— Data listing —
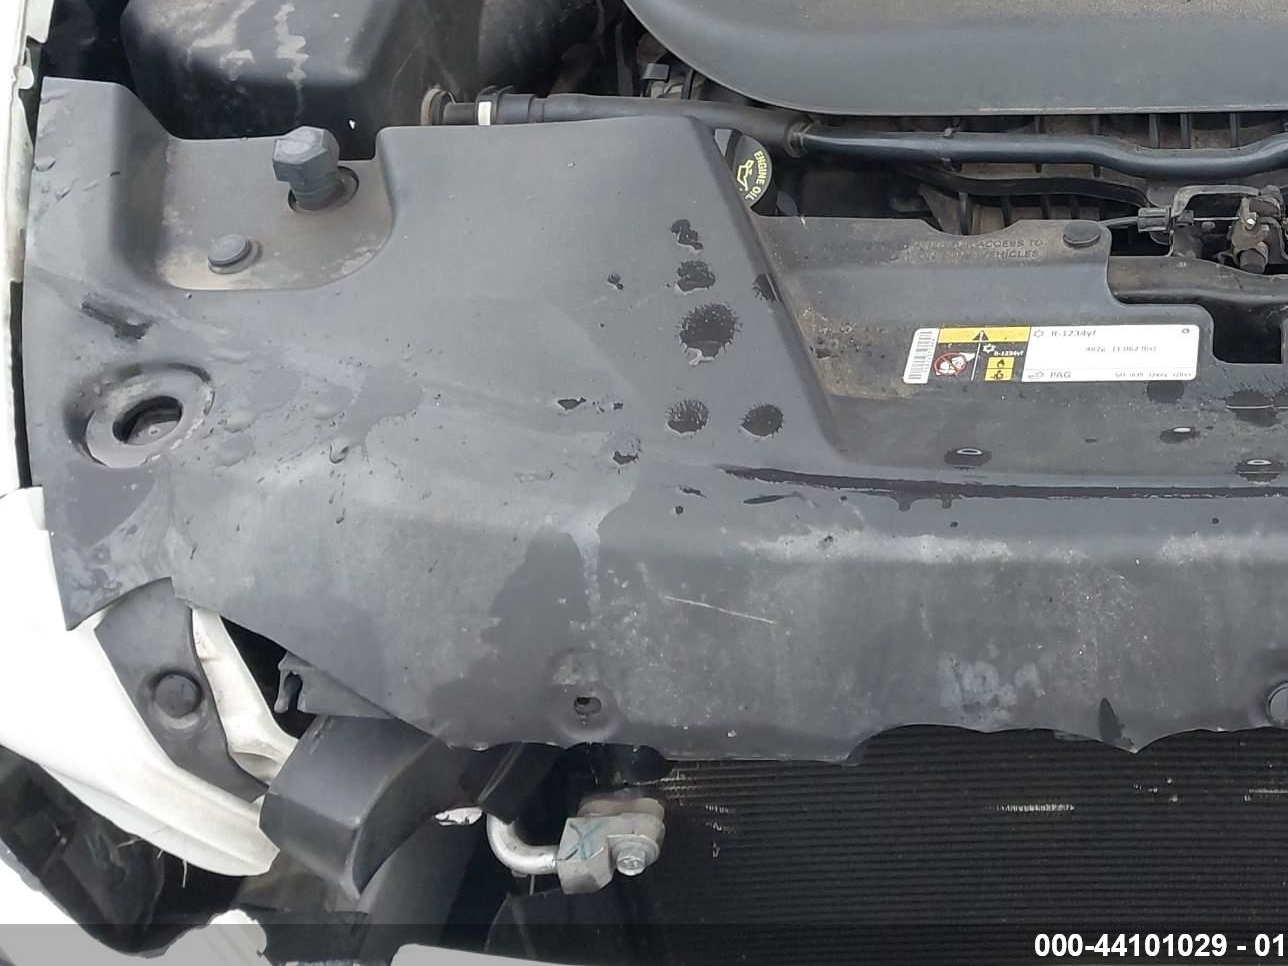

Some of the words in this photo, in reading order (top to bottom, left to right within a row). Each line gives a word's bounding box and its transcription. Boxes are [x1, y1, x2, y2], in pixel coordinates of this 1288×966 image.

[753, 150, 768, 185] ENGINE
[744, 186, 762, 201] OIL
[1051, 329, 1097, 338] R-1234yf
[1050, 371, 1072, 379] PAG
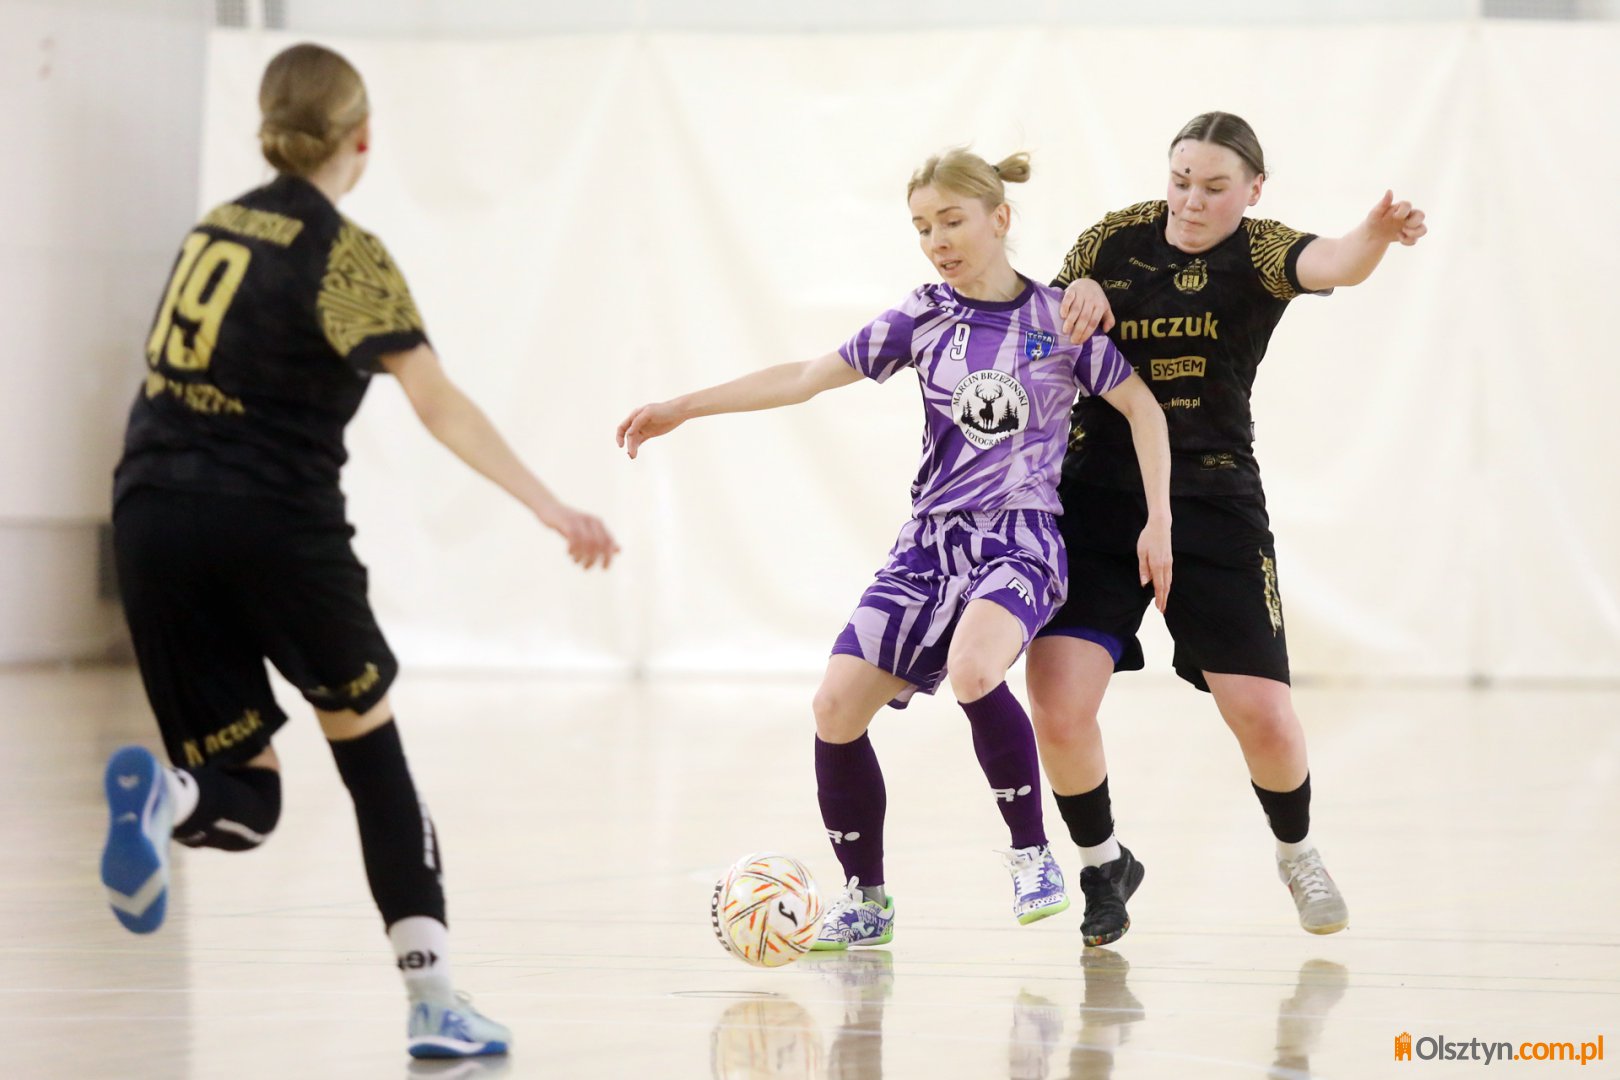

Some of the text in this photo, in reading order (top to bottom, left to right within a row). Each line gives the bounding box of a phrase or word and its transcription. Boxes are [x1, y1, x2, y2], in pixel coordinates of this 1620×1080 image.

— What is expected —
The records above are to be restated word for word, with every picture left out.

— Problem solution —
Some of the words in this photo, in reading order (top to bottom, left to right within a row). Each line gives a word's bounding box and its transcription. Boxes are [x1, y1, x2, y2], in pixel coordinates of this 1288×966 image.

[753, 150, 768, 185] ENGINE
[744, 186, 762, 201] OIL
[1051, 329, 1097, 338] R-1234yf
[1050, 371, 1072, 379] PAG

Some of the text in this photo, in reading order (top to bottom, left to right within a row). Each line gives the bounding box of a phrase or word and its transcription. Boxes are [x1, y1, x2, y2], in pixel coordinates of this 1620×1080 image.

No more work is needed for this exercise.